▸ Work task: Without reproducing any picture, copy the records word for word.

(Information supplied)

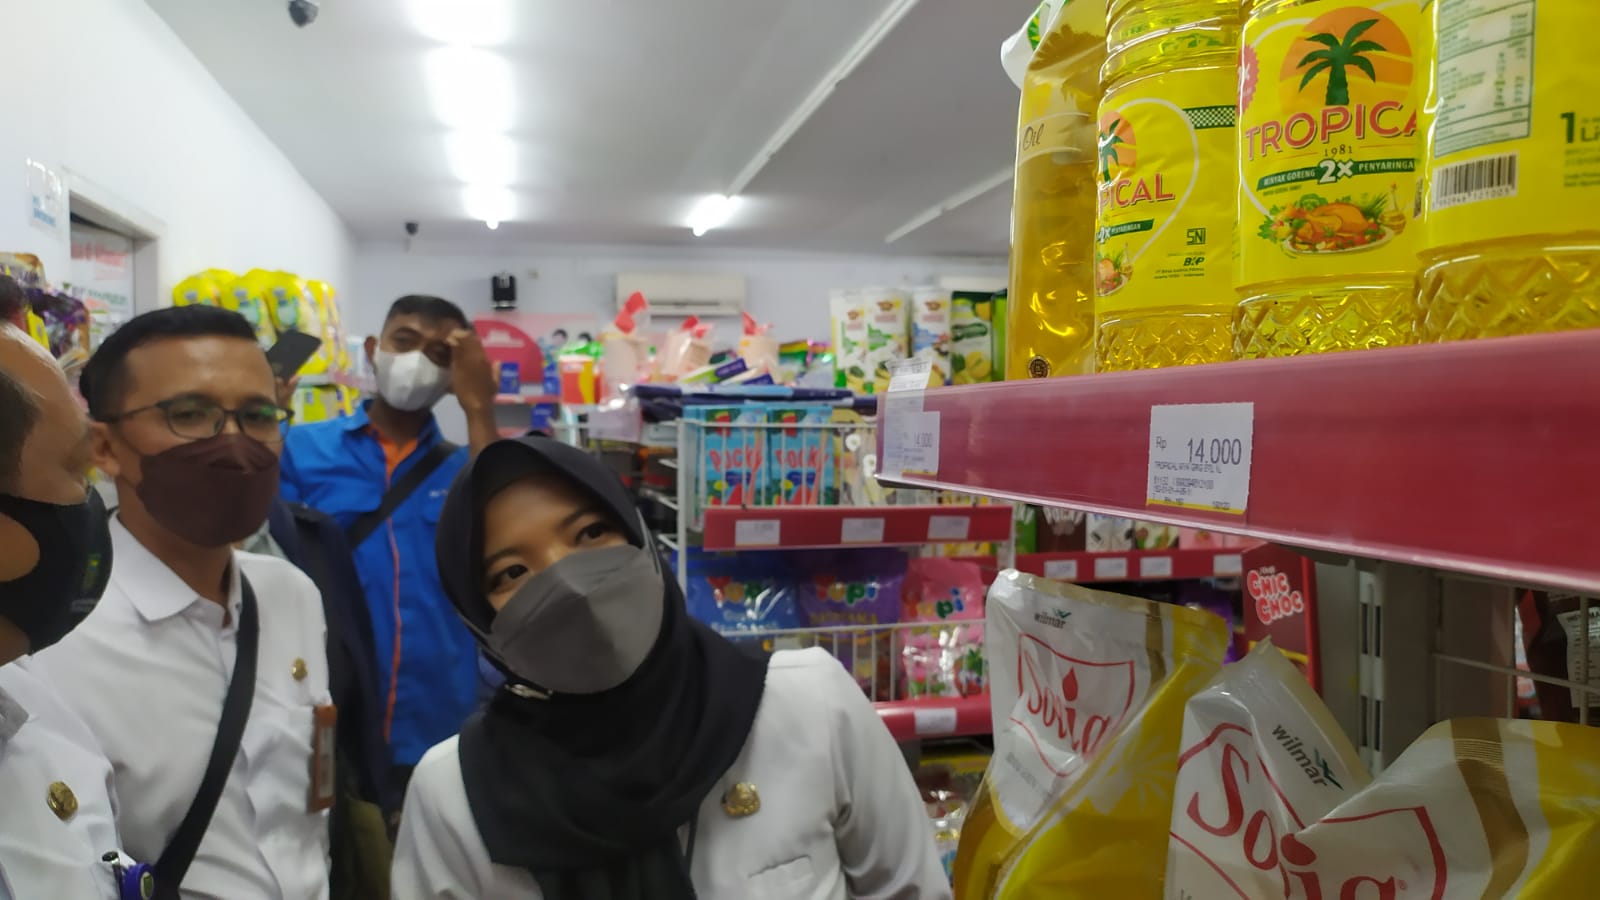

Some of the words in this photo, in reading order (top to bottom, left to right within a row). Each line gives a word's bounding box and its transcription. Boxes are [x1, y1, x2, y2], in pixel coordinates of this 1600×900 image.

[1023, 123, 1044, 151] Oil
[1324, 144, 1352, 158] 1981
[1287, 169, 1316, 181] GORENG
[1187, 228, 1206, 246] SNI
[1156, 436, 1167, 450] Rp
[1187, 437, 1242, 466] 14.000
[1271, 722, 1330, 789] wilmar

(End Information supplied)

▸ Written response:
Some of the words in this photo, in reading order (top to bottom, left to right within a row). Each line gives a word's bounding box and its transcription. Boxes are [x1, y1, x2, y2], in pixel coordinates of this 1600×900 image.

[1023, 123, 1044, 151] Oil
[1324, 144, 1352, 158] 1981
[1287, 169, 1316, 181] GORENG
[1187, 228, 1206, 246] SNI
[1156, 436, 1167, 450] Rp
[1187, 437, 1242, 466] 14.000
[1271, 722, 1330, 789] wilmar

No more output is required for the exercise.